If you want to say "tough luck that's just what it costs to collect evidence in 2011", fine, but it's probably not fair to say that the FBI should just naturally have that capability.


In general the FBI is still operating in a pre-datacenter mindset when it comes to evidence acquisition.

It wasn't until 2007 that they updated the Handbook of Forensic Services[1] to no longer require seizing peripherals of suspected evidence. Think about that for a second, that means mice, keyboards, monitors, etc.

The team who worked on this raid ironically is part of the DOD CCC, which is a joint forensic lab setup between the DOD and the FBI (they have two labs, one in Maryland, who would have been involved in this raid, and one in California). That team certainly has some smart folks on it (they're the subject-matter-experts for forensic acquisition at the FBI), but if they've devised special procedures for dealing with datacenter or cloud forensics, they haven't been codified yet into the HFS.

[1] http://www2.fbi.gov/hq/lab/handbook/forensics.pdf


How is the DOD allowed to work on civilian law enforcement in any capacity?


I'm not sure exactly what you mean, but the Defense Department works with other government agencies and non-governmental agencies; and has for quite a long time.

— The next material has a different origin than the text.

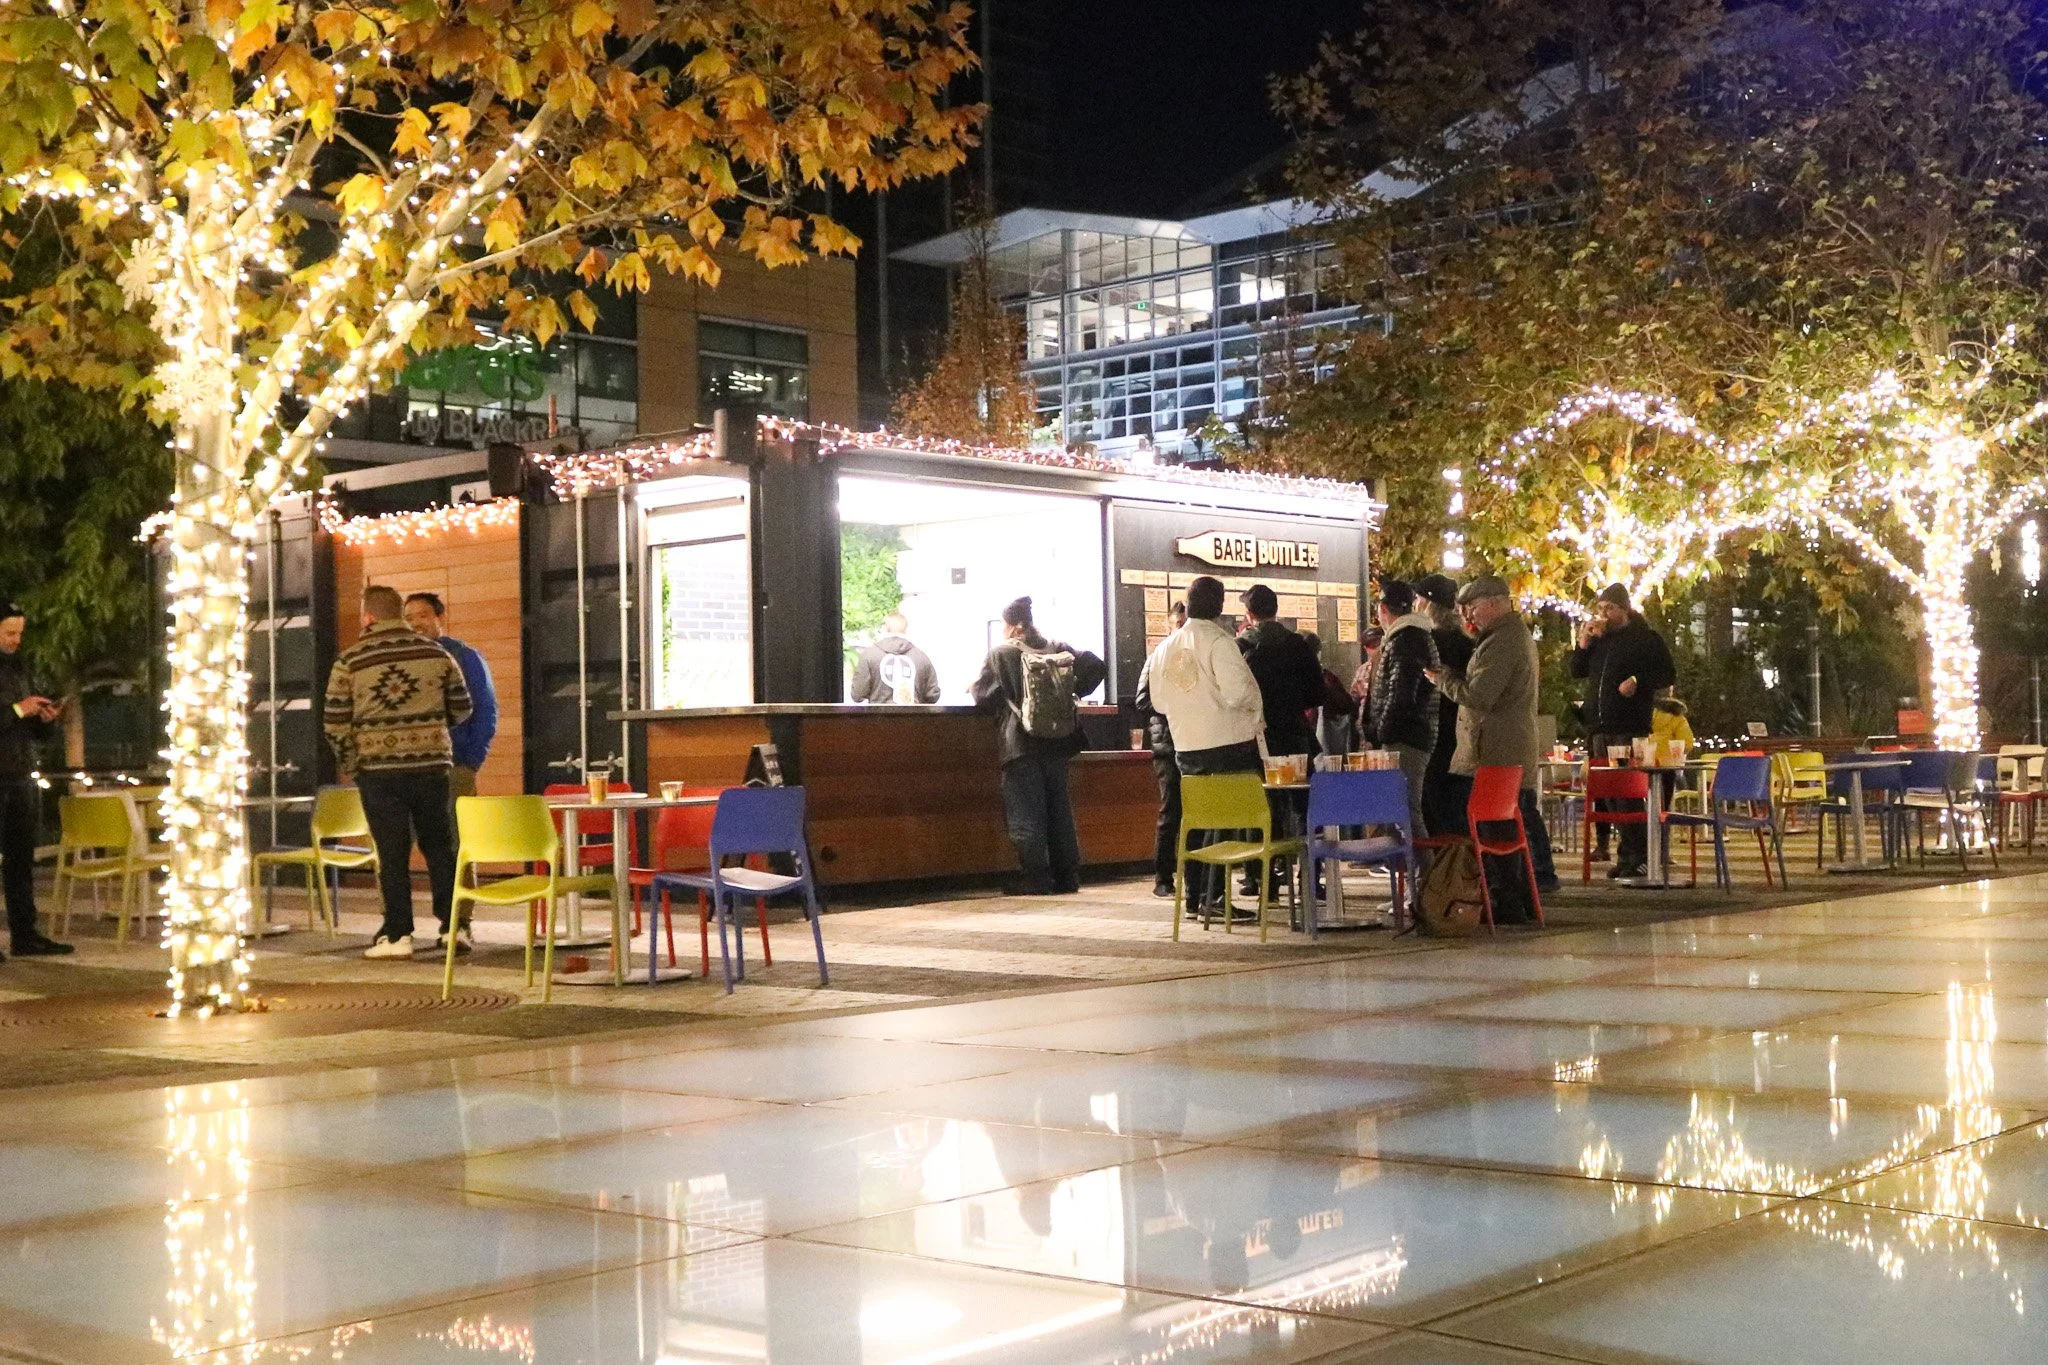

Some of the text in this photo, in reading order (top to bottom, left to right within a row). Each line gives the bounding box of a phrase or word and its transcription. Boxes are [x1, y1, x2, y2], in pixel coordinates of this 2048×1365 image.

[412, 410, 594, 445] by BLACKR
[1213, 537, 1252, 562] BARE
[1258, 540, 1308, 567] BOTTLE

One of these collaborations is responsible for you being able to type that comment and have it be readable by someone on another computer.

As to the specifics of the DOD CyberCrime center, it was set up in 98 to offer training/services to other law enforcement and counterintelligence agencies.

Basically, someone figured that instead of having to have each seperate agency stumble around in the dark dealing with cyber crime, they could pool resources and try to standardize. It's actually a pretty good example of getting rid of beaurocracy.


I was wondering about the interaction and how it fits with the Posse Comitatus Act.


My guess is that it is exempted by the Military Cooperation with Civilian Law Enforcement Agencies Act[1]

[1]http://www.law.cornell.edu/uscode/usc_sup_01_10_10_A_20_I_30...


Yeah well, actions like this give the image of fat guys in suits who hunt and peck at the keyboard and move icons around on the desktop to find where they are hiding that dang data.


Should they get better forensics people? Absolutely.

But, steel yourself: a very good forensics pro would probably have them acquiring expansive warrants for hardware seizures, because very good forensics pros are paid to foresee all the crazy things colluding providers and criminals can do to hide evidence.


Unless you don't trust the hosting provider. Then their best bet is to take down the proper machines.